Would you please output the data exactly, omitting no line?

»»

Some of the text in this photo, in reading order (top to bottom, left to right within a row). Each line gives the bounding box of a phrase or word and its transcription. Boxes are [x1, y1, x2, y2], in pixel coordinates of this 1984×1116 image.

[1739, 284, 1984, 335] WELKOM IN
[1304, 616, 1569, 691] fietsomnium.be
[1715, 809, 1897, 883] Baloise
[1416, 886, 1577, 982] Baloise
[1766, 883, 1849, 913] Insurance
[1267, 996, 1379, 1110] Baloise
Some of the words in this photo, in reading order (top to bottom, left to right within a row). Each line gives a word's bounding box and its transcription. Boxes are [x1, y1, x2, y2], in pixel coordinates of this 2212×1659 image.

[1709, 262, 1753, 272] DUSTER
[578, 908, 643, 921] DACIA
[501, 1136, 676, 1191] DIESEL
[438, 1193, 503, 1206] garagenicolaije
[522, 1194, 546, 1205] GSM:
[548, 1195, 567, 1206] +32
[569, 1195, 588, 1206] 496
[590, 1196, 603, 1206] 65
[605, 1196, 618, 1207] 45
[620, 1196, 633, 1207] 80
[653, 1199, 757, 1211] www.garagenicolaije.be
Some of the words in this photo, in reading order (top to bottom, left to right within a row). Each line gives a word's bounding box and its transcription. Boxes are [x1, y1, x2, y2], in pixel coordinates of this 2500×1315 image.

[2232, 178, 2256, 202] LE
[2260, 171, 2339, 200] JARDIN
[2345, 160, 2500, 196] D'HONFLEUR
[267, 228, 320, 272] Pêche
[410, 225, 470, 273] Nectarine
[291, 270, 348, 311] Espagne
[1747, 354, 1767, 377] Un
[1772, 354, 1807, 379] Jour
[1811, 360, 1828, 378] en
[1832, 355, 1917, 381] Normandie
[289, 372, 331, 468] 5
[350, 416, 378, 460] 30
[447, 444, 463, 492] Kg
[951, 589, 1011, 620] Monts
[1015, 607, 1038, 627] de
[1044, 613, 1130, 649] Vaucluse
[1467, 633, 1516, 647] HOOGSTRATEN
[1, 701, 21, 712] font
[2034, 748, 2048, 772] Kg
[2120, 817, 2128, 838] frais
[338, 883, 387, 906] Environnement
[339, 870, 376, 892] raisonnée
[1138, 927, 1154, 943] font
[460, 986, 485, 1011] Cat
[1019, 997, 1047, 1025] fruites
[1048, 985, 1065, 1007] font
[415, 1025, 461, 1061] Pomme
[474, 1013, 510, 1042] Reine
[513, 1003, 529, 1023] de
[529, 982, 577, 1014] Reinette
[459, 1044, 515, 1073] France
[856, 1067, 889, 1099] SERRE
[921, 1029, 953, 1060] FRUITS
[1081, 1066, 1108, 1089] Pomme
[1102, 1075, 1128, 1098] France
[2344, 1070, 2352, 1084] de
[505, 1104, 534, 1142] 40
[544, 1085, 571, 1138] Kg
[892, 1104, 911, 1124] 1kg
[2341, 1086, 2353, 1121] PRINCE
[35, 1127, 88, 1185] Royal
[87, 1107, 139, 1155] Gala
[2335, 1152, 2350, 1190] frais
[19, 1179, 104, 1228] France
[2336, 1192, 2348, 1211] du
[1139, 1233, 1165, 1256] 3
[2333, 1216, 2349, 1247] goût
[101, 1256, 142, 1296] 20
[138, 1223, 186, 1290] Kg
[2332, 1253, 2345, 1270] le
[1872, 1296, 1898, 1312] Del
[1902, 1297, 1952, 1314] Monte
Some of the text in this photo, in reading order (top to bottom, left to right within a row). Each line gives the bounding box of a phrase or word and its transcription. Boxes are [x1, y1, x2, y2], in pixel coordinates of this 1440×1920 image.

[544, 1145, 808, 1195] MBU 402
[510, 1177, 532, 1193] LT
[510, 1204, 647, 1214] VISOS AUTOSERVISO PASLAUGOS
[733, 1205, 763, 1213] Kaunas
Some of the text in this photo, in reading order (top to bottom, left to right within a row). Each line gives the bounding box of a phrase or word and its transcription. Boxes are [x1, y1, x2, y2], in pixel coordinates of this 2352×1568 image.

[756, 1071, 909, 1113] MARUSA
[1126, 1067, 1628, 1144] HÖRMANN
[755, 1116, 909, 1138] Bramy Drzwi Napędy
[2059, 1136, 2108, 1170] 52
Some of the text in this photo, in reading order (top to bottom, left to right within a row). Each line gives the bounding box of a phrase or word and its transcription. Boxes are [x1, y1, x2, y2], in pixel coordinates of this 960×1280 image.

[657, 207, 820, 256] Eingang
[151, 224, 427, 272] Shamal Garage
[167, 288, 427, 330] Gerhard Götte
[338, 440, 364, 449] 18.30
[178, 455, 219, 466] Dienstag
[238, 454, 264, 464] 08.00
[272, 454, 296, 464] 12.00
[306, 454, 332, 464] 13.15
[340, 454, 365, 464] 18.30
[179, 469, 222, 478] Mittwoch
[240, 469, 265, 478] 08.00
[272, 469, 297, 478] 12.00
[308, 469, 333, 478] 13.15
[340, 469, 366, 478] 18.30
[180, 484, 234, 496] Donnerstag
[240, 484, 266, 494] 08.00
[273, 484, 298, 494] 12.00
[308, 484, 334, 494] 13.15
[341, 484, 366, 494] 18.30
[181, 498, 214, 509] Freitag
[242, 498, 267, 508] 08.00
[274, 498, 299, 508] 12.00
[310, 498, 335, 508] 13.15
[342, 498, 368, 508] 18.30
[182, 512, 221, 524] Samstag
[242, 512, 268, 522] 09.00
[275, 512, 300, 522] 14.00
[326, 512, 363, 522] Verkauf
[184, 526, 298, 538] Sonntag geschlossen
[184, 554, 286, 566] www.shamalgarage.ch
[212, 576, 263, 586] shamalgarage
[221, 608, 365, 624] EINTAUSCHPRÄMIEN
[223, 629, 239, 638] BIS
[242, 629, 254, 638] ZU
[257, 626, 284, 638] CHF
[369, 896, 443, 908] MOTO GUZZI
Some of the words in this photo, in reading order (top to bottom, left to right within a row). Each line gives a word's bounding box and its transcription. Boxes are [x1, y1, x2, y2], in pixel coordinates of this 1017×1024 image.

««

TASK OUTPUT:
Some of the text in this photo, in reading order (top to bottom, left to right within a row). Each line gives the bounding box of a phrase or word and its transcription. Boxes are [x1, y1, x2, y2], in pixel coordinates of this 1984×1116 image.

[1739, 284, 1984, 335] WELKOM IN
[1304, 616, 1569, 691] fietsomnium.be
[1715, 809, 1897, 883] Baloise
[1416, 886, 1577, 982] Baloise
[1766, 883, 1849, 913] Insurance
[1267, 996, 1379, 1110] Baloise
Some of the words in this photo, in reading order (top to bottom, left to right within a row). Each line gives a word's bounding box and its transcription. Boxes are [x1, y1, x2, y2], in pixel coordinates of this 2212×1659 image.

[1709, 262, 1753, 272] DUSTER
[578, 908, 643, 921] DACIA
[501, 1136, 676, 1191] DIESEL
[438, 1193, 503, 1206] garagenicolaije
[522, 1194, 546, 1205] GSM:
[548, 1195, 567, 1206] +32
[569, 1195, 588, 1206] 496
[590, 1196, 603, 1206] 65
[605, 1196, 618, 1207] 45
[620, 1196, 633, 1207] 80
[653, 1199, 757, 1211] www.garagenicolaije.be
Some of the words in this photo, in reading order (top to bottom, left to right within a row). Each line gives a word's bounding box and its transcription. Boxes are [x1, y1, x2, y2], in pixel coordinates of this 2500×1315 image.

[2232, 178, 2256, 202] LE
[2260, 171, 2339, 200] JARDIN
[2345, 160, 2500, 196] D'HONFLEUR
[267, 228, 320, 272] Pêche
[410, 225, 470, 273] Nectarine
[291, 270, 348, 311] Espagne
[1747, 354, 1767, 377] Un
[1772, 354, 1807, 379] Jour
[1811, 360, 1828, 378] en
[1832, 355, 1917, 381] Normandie
[289, 372, 331, 468] 5
[350, 416, 378, 460] 30
[447, 444, 463, 492] Kg
[951, 589, 1011, 620] Monts
[1015, 607, 1038, 627] de
[1044, 613, 1130, 649] Vaucluse
[1467, 633, 1516, 647] HOOGSTRATEN
[1, 701, 21, 712] font
[2034, 748, 2048, 772] Kg
[2120, 817, 2128, 838] frais
[338, 883, 387, 906] Environnement
[339, 870, 376, 892] raisonnée
[1138, 927, 1154, 943] font
[460, 986, 485, 1011] Cat
[1019, 997, 1047, 1025] fruites
[1048, 985, 1065, 1007] font
[415, 1025, 461, 1061] Pomme
[474, 1013, 510, 1042] Reine
[513, 1003, 529, 1023] de
[529, 982, 577, 1014] Reinette
[459, 1044, 515, 1073] France
[856, 1067, 889, 1099] SERRE
[921, 1029, 953, 1060] FRUITS
[1081, 1066, 1108, 1089] Pomme
[1102, 1075, 1128, 1098] France
[2344, 1070, 2352, 1084] de
[505, 1104, 534, 1142] 40
[544, 1085, 571, 1138] Kg
[892, 1104, 911, 1124] 1kg
[2341, 1086, 2353, 1121] PRINCE
[35, 1127, 88, 1185] Royal
[87, 1107, 139, 1155] Gala
[2335, 1152, 2350, 1190] frais
[19, 1179, 104, 1228] France
[2336, 1192, 2348, 1211] du
[1139, 1233, 1165, 1256] 3
[2333, 1216, 2349, 1247] goût
[101, 1256, 142, 1296] 20
[138, 1223, 186, 1290] Kg
[2332, 1253, 2345, 1270] le
[1872, 1296, 1898, 1312] Del
[1902, 1297, 1952, 1314] Monte
Some of the text in this photo, in reading order (top to bottom, left to right within a row). Each line gives the bounding box of a phrase or word and its transcription. Boxes are [x1, y1, x2, y2], in pixel coordinates of this 1440×1920 image.

[544, 1145, 808, 1195] MBU 402
[510, 1177, 532, 1193] LT
[510, 1204, 647, 1214] VISOS AUTOSERVISO PASLAUGOS
[733, 1205, 763, 1213] Kaunas
Some of the text in this photo, in reading order (top to bottom, left to right within a row). Each line gives the bounding box of a phrase or word and its transcription. Boxes are [x1, y1, x2, y2], in pixel coordinates of this 2352×1568 image.

[756, 1071, 909, 1113] MARUSA
[1126, 1067, 1628, 1144] HÖRMANN
[755, 1116, 909, 1138] Bramy Drzwi Napędy
[2059, 1136, 2108, 1170] 52
Some of the text in this photo, in reading order (top to bottom, left to right within a row). Each line gives the bounding box of a phrase or word and its transcription. Boxes are [x1, y1, x2, y2], in pixel coordinates of this 960×1280 image.

[657, 207, 820, 256] Eingang
[151, 224, 427, 272] Shamal Garage
[167, 288, 427, 330] Gerhard Götte
[338, 440, 364, 449] 18.30
[178, 455, 219, 466] Dienstag
[238, 454, 264, 464] 08.00
[272, 454, 296, 464] 12.00
[306, 454, 332, 464] 13.15
[340, 454, 365, 464] 18.30
[179, 469, 222, 478] Mittwoch
[240, 469, 265, 478] 08.00
[272, 469, 297, 478] 12.00
[308, 469, 333, 478] 13.15
[340, 469, 366, 478] 18.30
[180, 484, 234, 496] Donnerstag
[240, 484, 266, 494] 08.00
[273, 484, 298, 494] 12.00
[308, 484, 334, 494] 13.15
[341, 484, 366, 494] 18.30
[181, 498, 214, 509] Freitag
[242, 498, 267, 508] 08.00
[274, 498, 299, 508] 12.00
[310, 498, 335, 508] 13.15
[342, 498, 368, 508] 18.30
[182, 512, 221, 524] Samstag
[242, 512, 268, 522] 09.00
[275, 512, 300, 522] 14.00
[326, 512, 363, 522] Verkauf
[184, 526, 298, 538] Sonntag geschlossen
[184, 554, 286, 566] www.shamalgarage.ch
[212, 576, 263, 586] shamalgarage
[221, 608, 365, 624] EINTAUSCHPRÄMIEN
[223, 629, 239, 638] BIS
[242, 629, 254, 638] ZU
[257, 626, 284, 638] CHF
[369, 896, 443, 908] MOTO GUZZI
Some of the words in this photo, in reading order (top to bottom, left to right within a row). Each line gives a word's bounding box and its transcription. Boxes are [x1, y1, x2, y2], in pixel coordinates of this 1017×1024 image.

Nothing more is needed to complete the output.